"Mord und Beton" lautet der schön schlichte Titel des 51. "Wilsberg"-Falls aus der erfolgreichen Reihe, bei dem Hansjörg Thurn Regie führte. Das ZDF wiederholt den Film aus dem Jahr 2018. Für Fans die gute Nachricht: Es gibt Neues vom Münsteraner Detektiv. Und zwar reichlich ...

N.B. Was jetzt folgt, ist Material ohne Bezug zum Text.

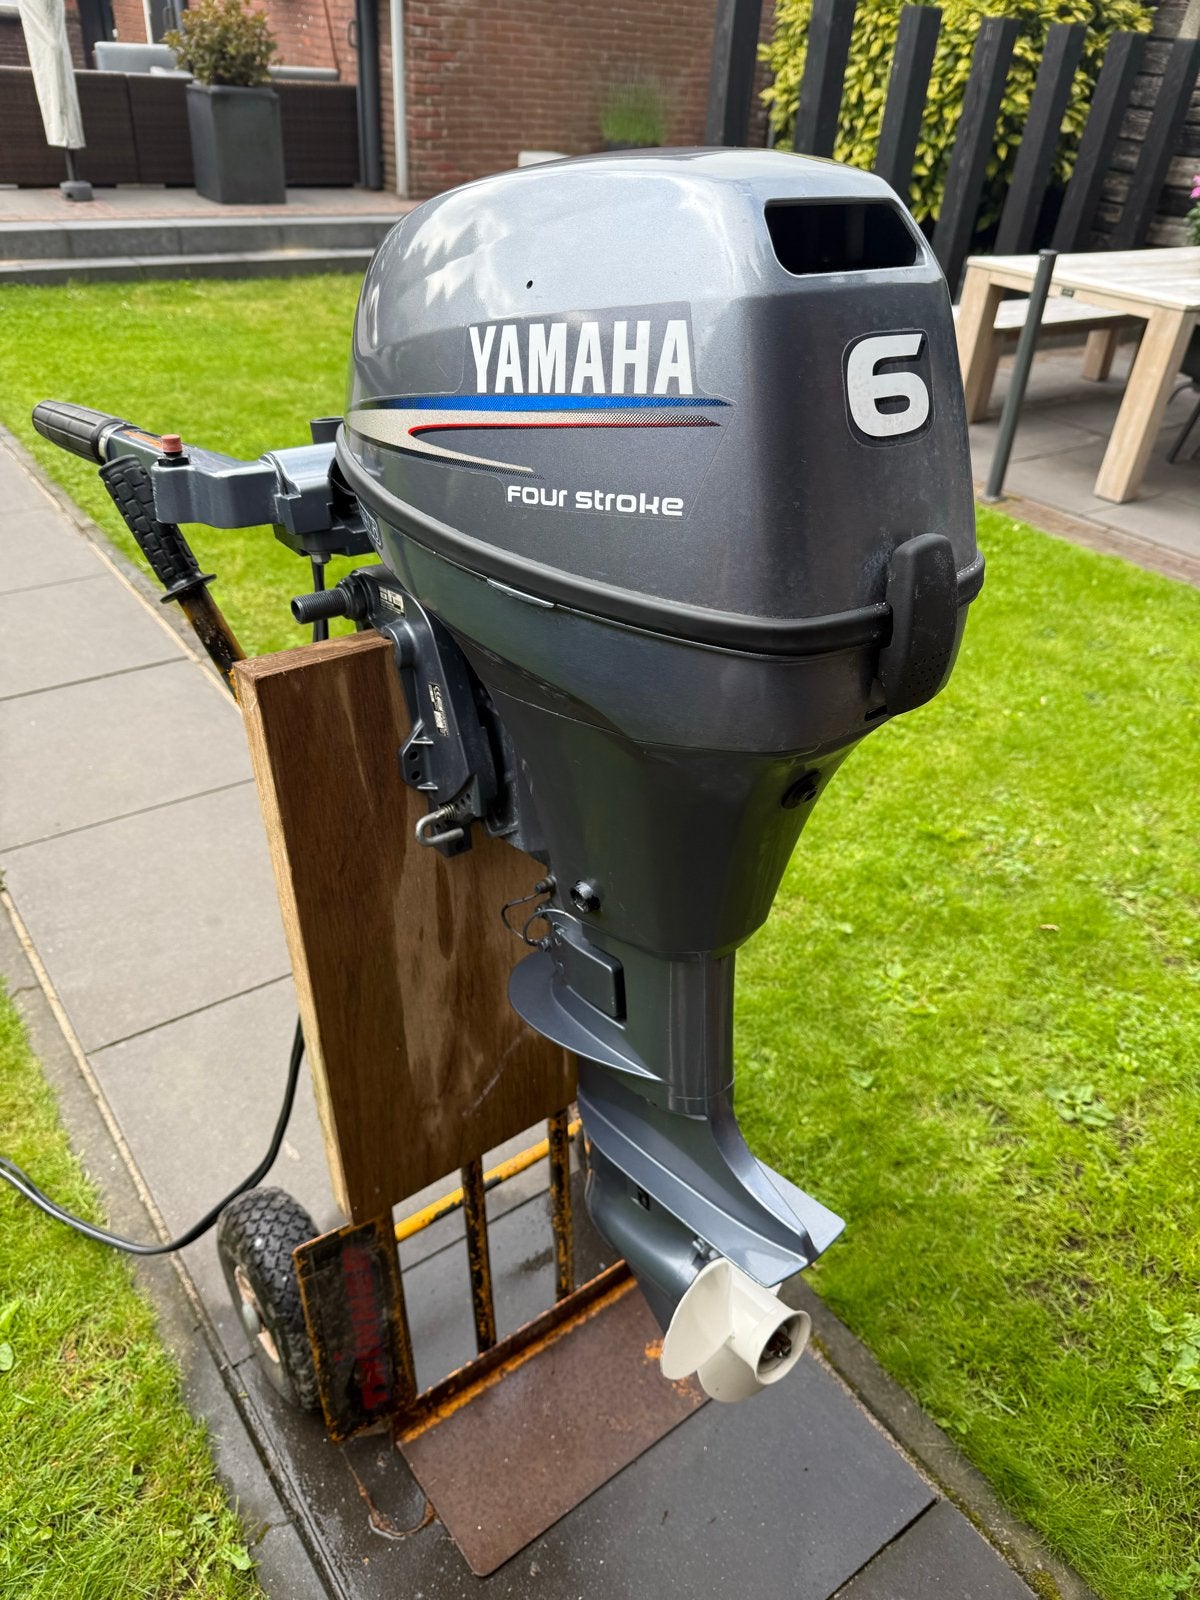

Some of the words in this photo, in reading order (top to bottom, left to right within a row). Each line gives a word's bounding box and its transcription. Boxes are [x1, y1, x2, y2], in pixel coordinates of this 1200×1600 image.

[469, 320, 693, 394] YAMAHA
[847, 334, 930, 437] 6
[575, 489, 684, 517] stroke
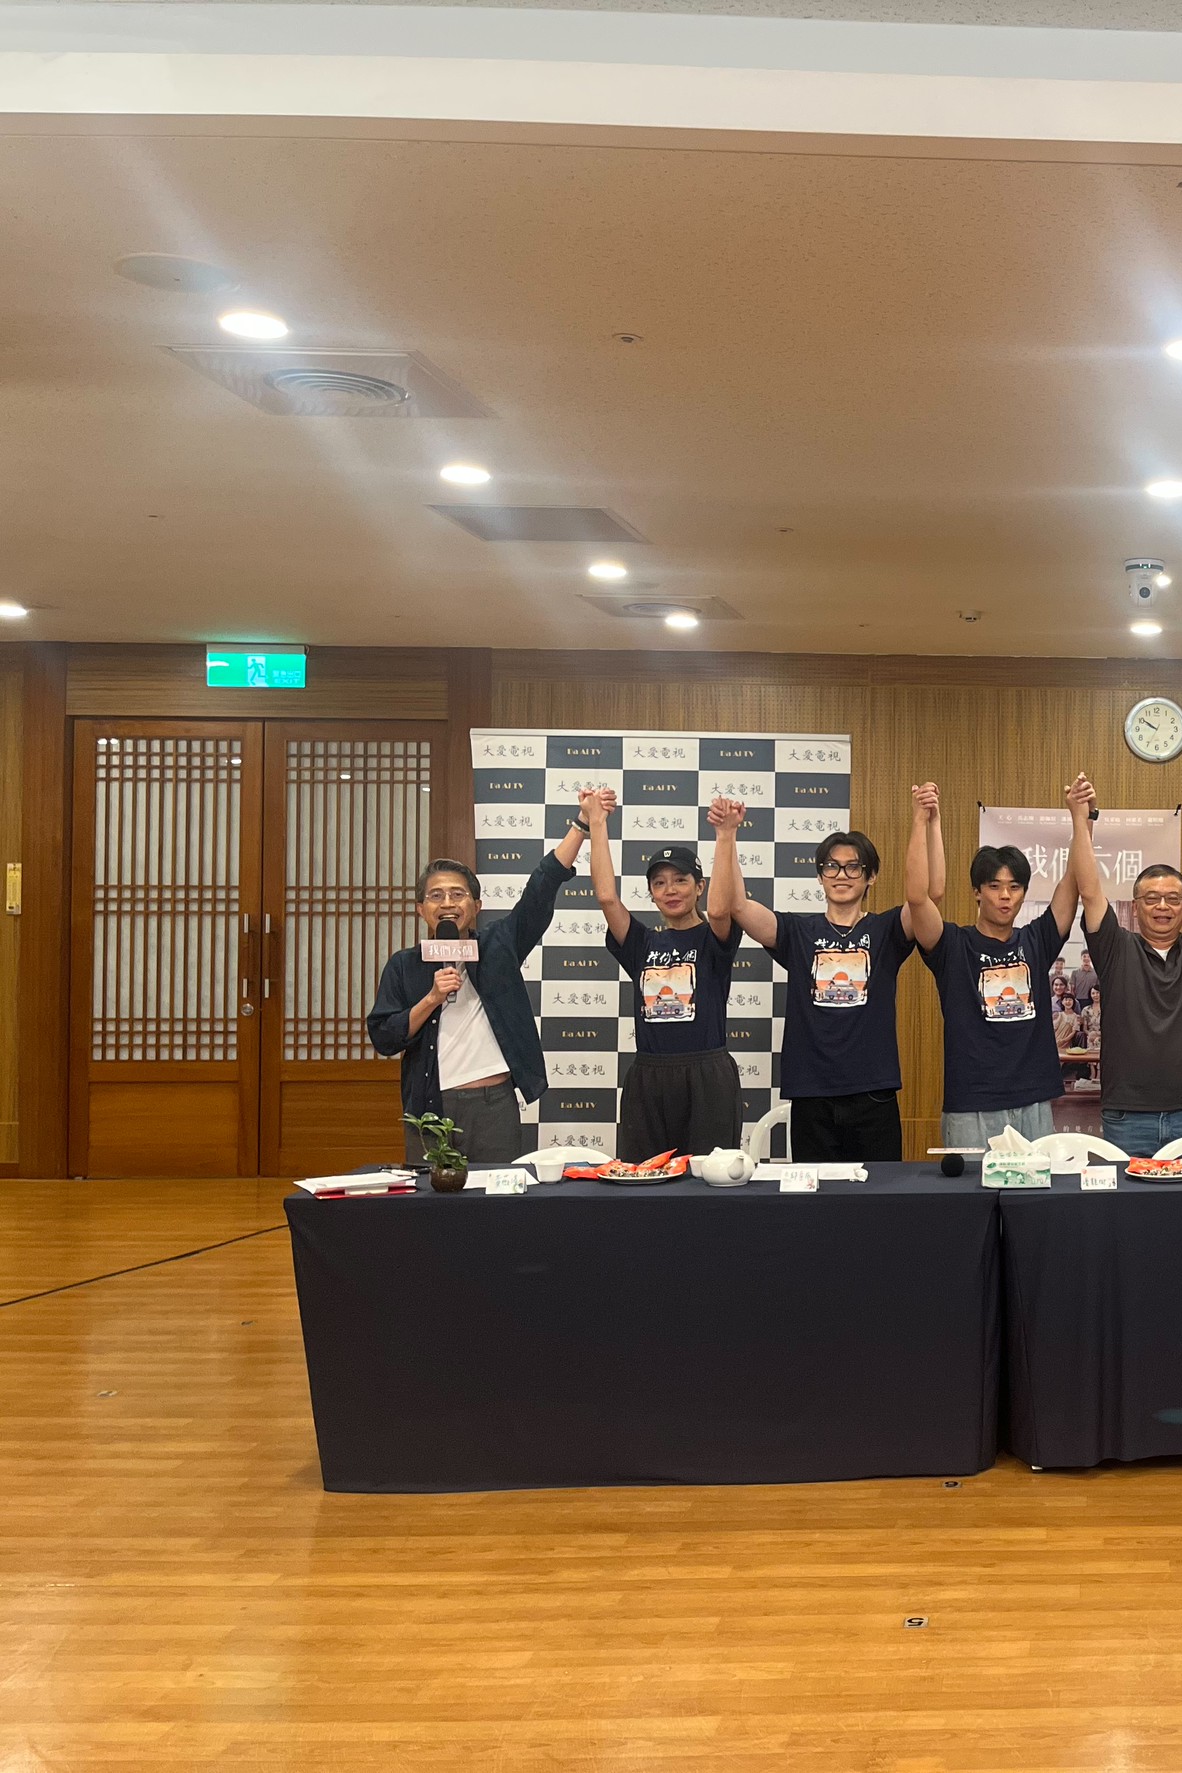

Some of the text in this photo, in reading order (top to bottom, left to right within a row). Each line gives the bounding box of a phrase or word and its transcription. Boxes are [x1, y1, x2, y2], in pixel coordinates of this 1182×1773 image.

[481, 744, 535, 758] 大愛電視
[633, 745, 686, 760] 大愛電視
[788, 748, 841, 762] 大愛電視
[711, 782, 764, 796] 大愛電視
[481, 814, 533, 828] 大愛電視
[632, 816, 685, 830] 大愛電視
[787, 818, 841, 832] 大愛電視
[787, 889, 825, 902] 大愛電
[553, 922, 608, 935] 大愛電視
[428, 944, 473, 956] 我們六個
[552, 992, 607, 1005] 大愛電視
[551, 1063, 606, 1077] 大愛電視
[549, 1134, 604, 1147] 大愛電視
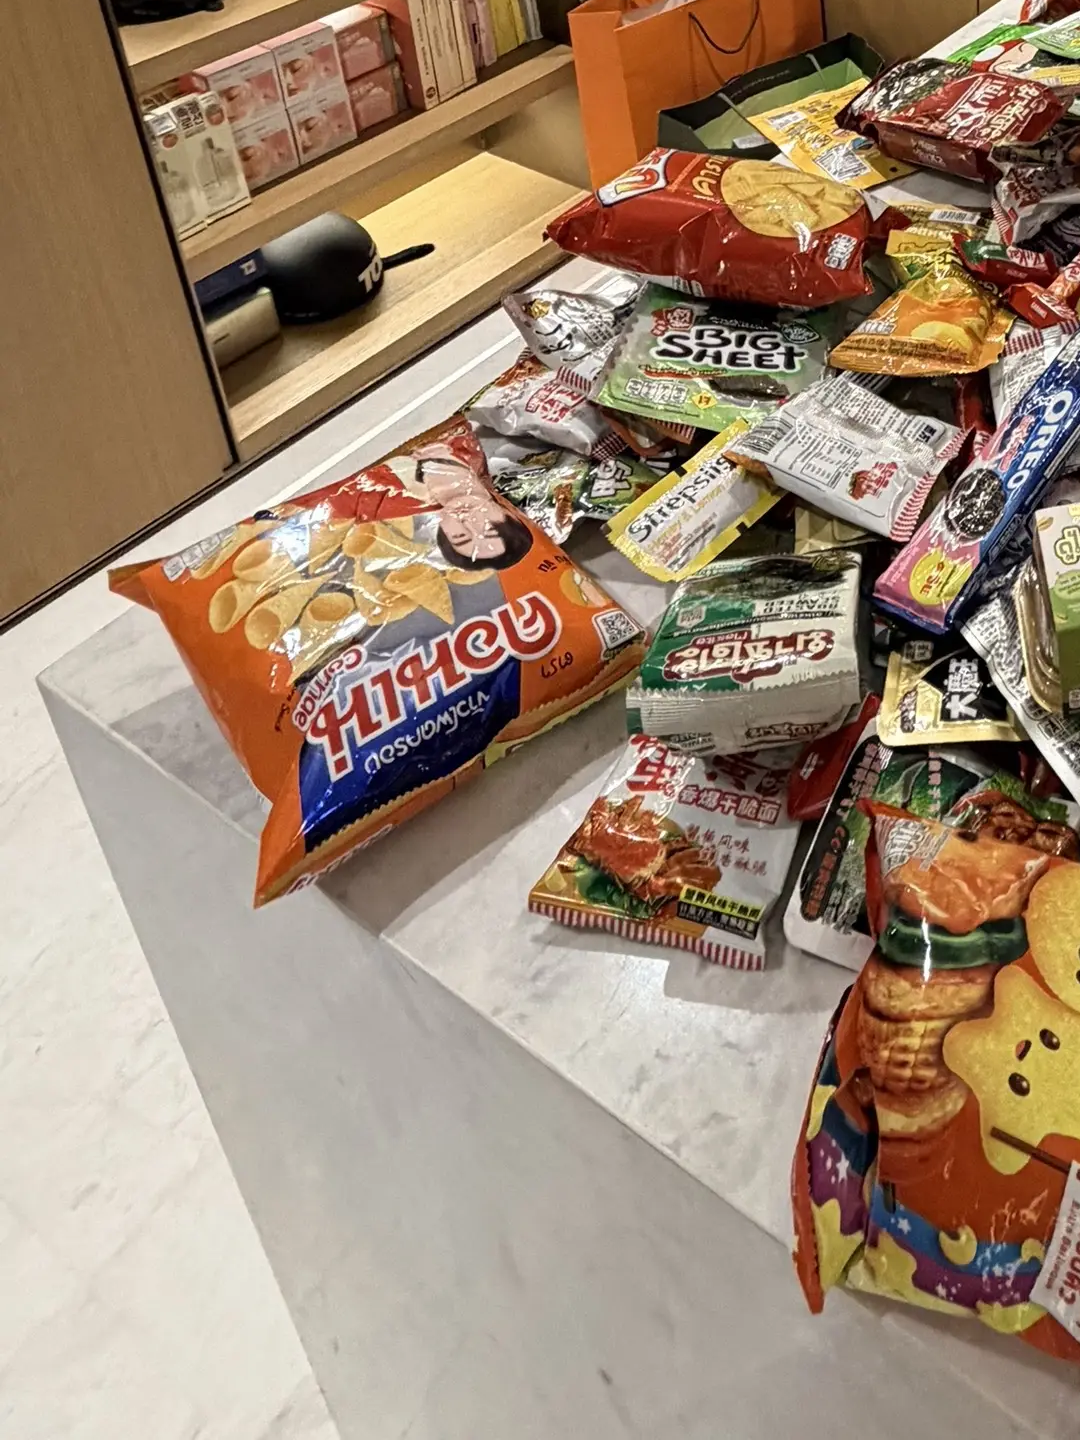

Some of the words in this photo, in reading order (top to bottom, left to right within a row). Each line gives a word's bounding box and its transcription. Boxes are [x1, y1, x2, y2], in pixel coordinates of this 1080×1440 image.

[656, 335, 806, 371] SHEET
[695, 328, 782, 350] BIG
[1008, 390, 1074, 491] OREO
[628, 454, 733, 543] Strepsils
[309, 593, 559, 780] คอนเน่
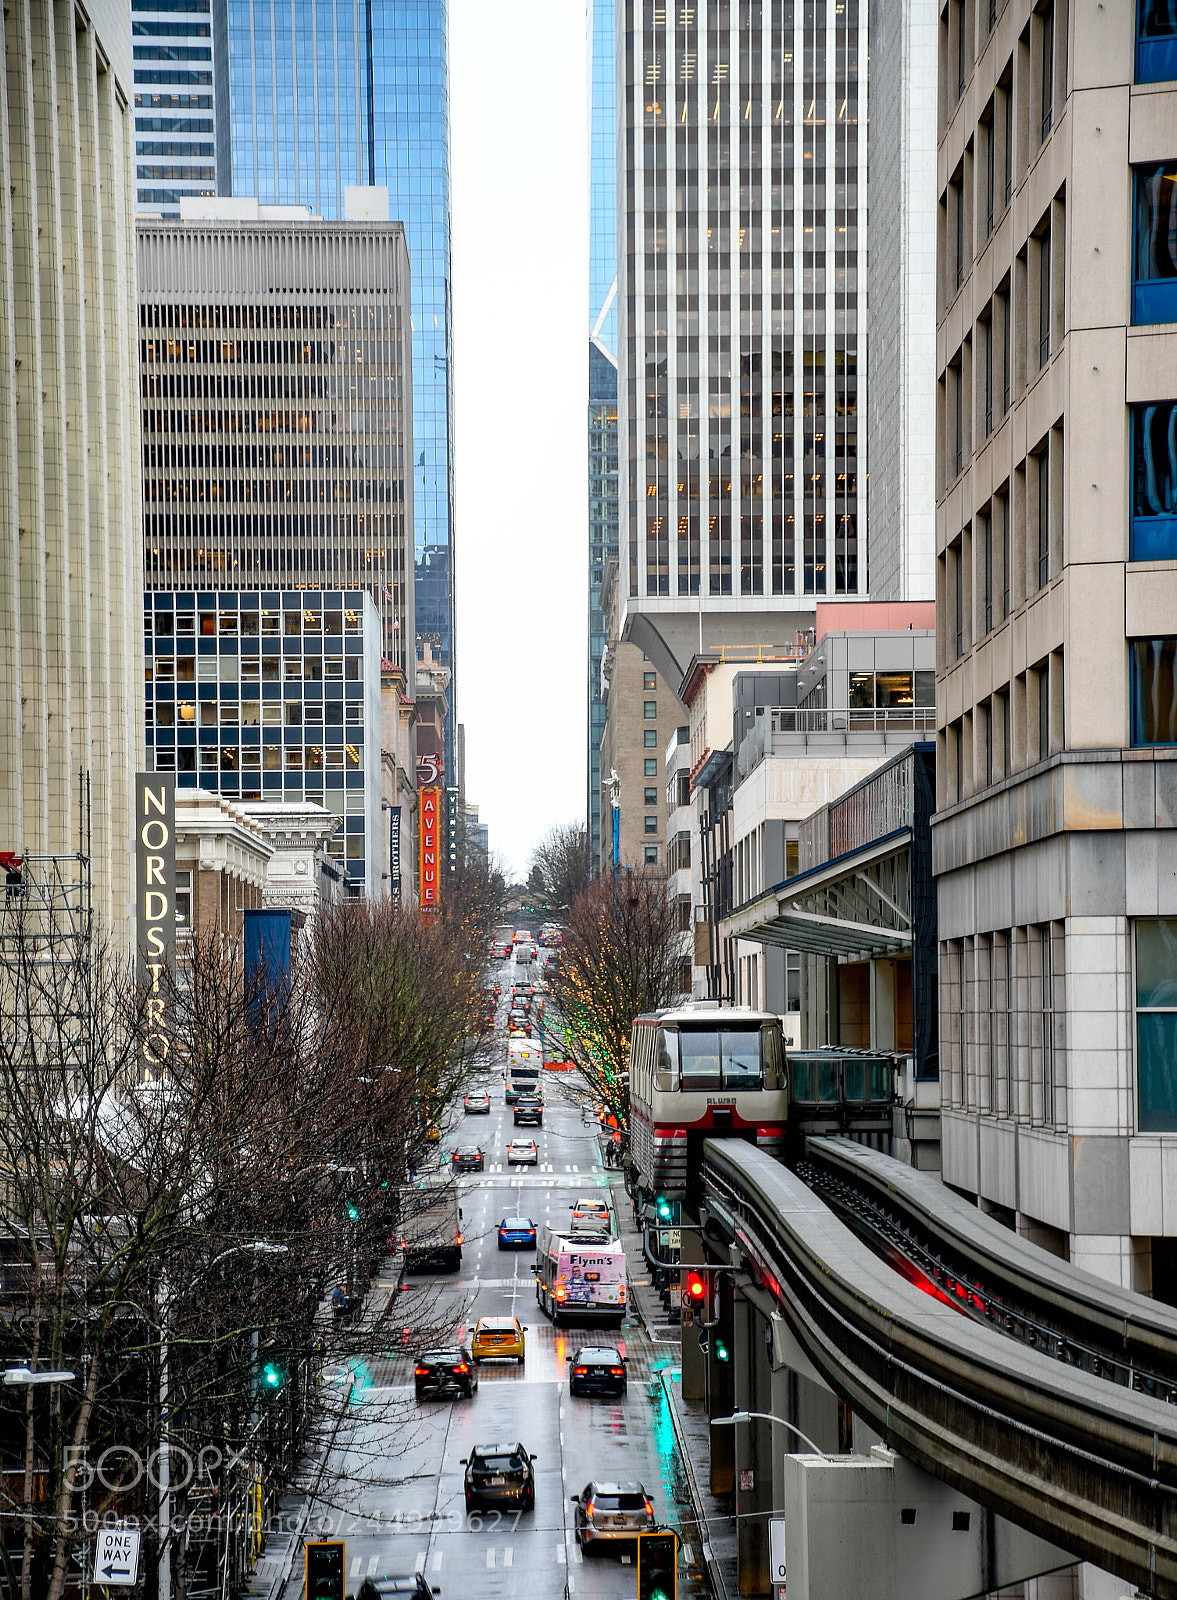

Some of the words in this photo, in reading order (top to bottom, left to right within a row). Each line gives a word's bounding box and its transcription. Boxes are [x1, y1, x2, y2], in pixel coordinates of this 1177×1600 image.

[392, 814, 400, 880] BROTHERS
[424, 800, 434, 900] AVENUE
[570, 1254, 613, 1268] Flynn's
[105, 1535, 131, 1548] ONE
[103, 1549, 131, 1562] WAY

Es gibt wohl kaum eine Branche, deren Tätigkeit in Kriminalfilmen so oft zum Thema gemacht wird. Baulöwen, das steht dann fest, wollen nie etwas Gutes für die Menschen. So ist es auch diesmal: Michael Lobland (Christoph M. Ohrt) erfüllt schon auf den ersten Blick jedes Klischee: Er thront hoch über den Dächern, säuft Schampus, ist herrschsüchtig, arrogant und interessiert sich einen Dreck für die Leute. Hauptsache, die Kohle stimmt. Und ausgerechnet bei ihm schleicht sich Wilsberg (Leonard Lansink), der chronisch klamme und immer ein bisschen lethargisch wirkende Privatdetektiv, inkognito als Vertreter eines Millionen-Investors ein.

"Mord und Beton" gehört sicher nicht zu den besseren "Wilsbergs". Der sonst so typische Humor kommt zu kurz, gleichsam der besondere Charme, der die Reihe meistens ausmacht. Spannend wird's dann doch zum Schluss hin, dem dann außerdem auch eine besondere Emotionalität innewohnt. Erfährt doch Georg Wilsberg gleich zweimal auf eher schmerzliche Art und Weise, was man seinen Freunden antun sollte und was nicht.

Derweil sind insgesamt vier neue Folgen bereits abgedreht. Unter anderem hat es Wilsberg dann mit der Müll-Mafia und einem Verbrechen hinter Klostermauern zu tun.